The Super Resolution demo

With the proliferation of broadband comes the increase in expectations for the quality of media you find on the internet. Unfortunately, not everyone has a good digital camera and not everyone has a good digital video camera. Especially with more and more cell phones coming with integrated cameras, movies made on them are usually pretty poor quality when viewed at 2x their size.

At the same time, we've all seen TV shows like 24 or CSI where someone sitting at a keyboard can simply "sharpen that up" and make even the blurriest, lowest resolution image clear enough to pick out someone's face. We all usually scoff at the idea and complain about how unrealistic things like that are, but in reality, there is some truth to what's going on.

There are a set of algorithms that look at images and perform motion analysis on a pixel basis as well as statistical analysis on a per frame basis to help enhance the resolution of an image or a movie. In today's keynote, this technique is referred to as Super Resolution (no comment).

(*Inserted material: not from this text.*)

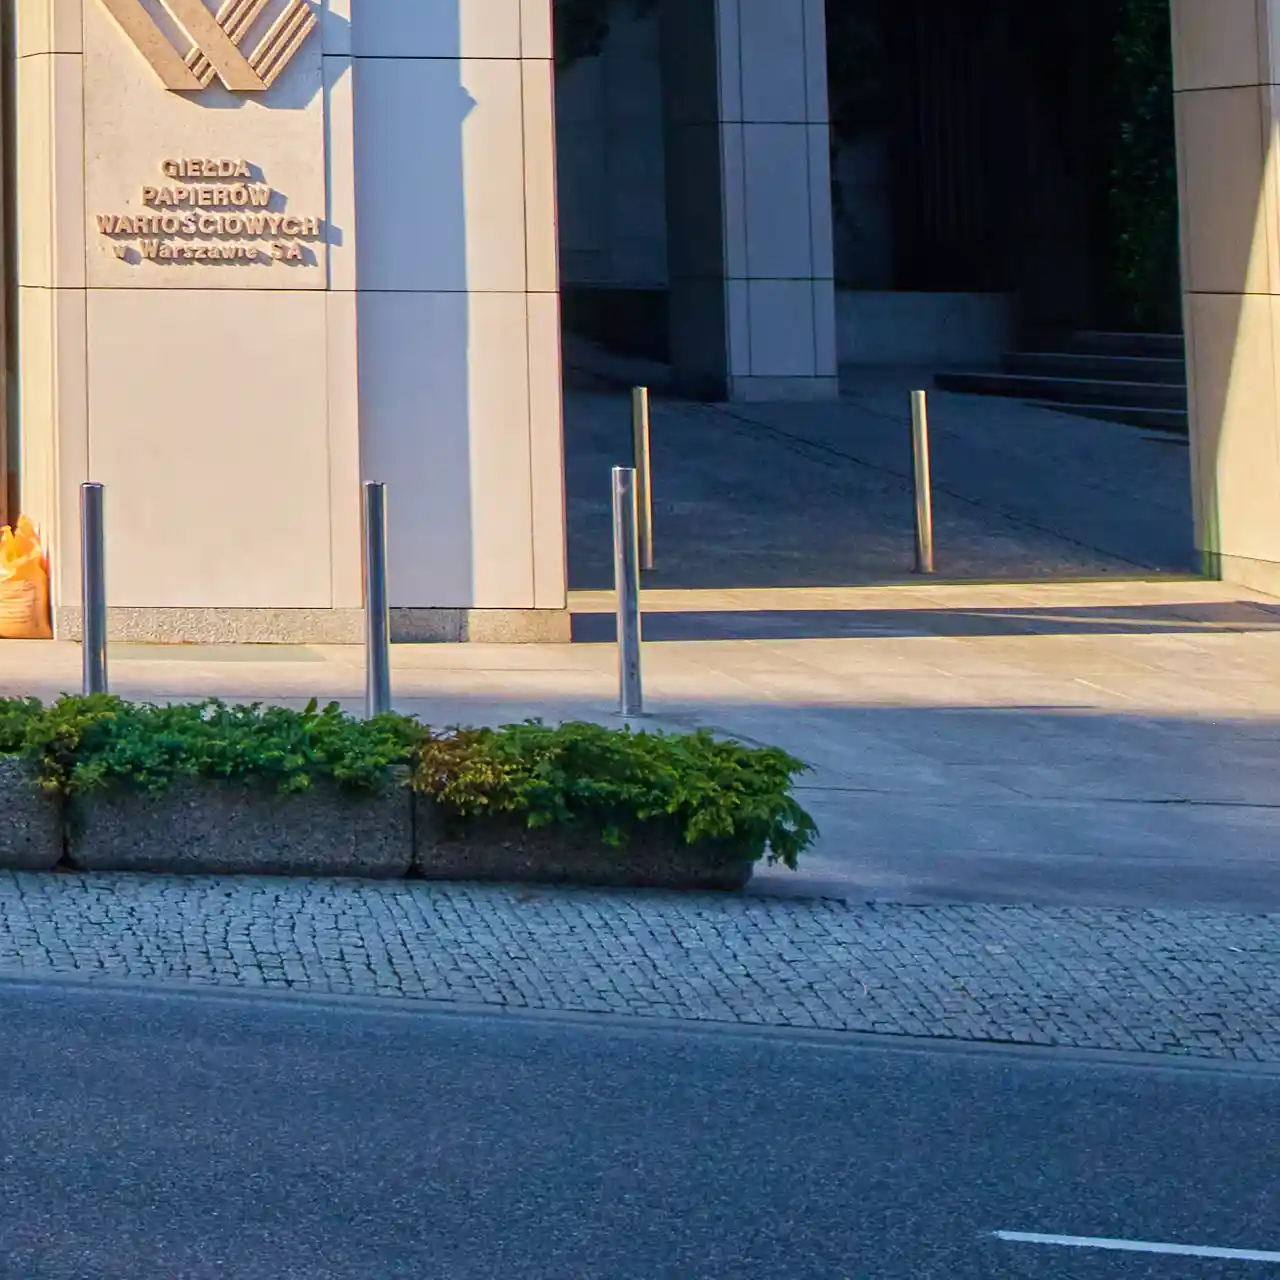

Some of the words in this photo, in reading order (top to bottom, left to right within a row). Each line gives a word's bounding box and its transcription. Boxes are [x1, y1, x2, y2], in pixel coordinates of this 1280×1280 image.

[160, 157, 252, 178] GIEŁDA
[141, 182, 271, 207] PAPIERÓW
[95, 212, 320, 236] WARTOŚCIOWYCH
[141, 239, 258, 260] Warszawie

The demo was of a loop of about 3 seconds of low resolution video of a caution sign, you can see the original video cap below:

Take on a camera phone, the video was then cleaned up using these Super Resolution techniques to result in the following:

The results were nothing short of impressive - but why the demo? It took the current generation microprocessors about 1 minute to clean up that 3 second video, to do a full length conversion on more difficult material would require around 1000x the compute power current platforms offer. Rattner used Super Resolution as an example of what multi-core CPUs by 2015 will be able to enable.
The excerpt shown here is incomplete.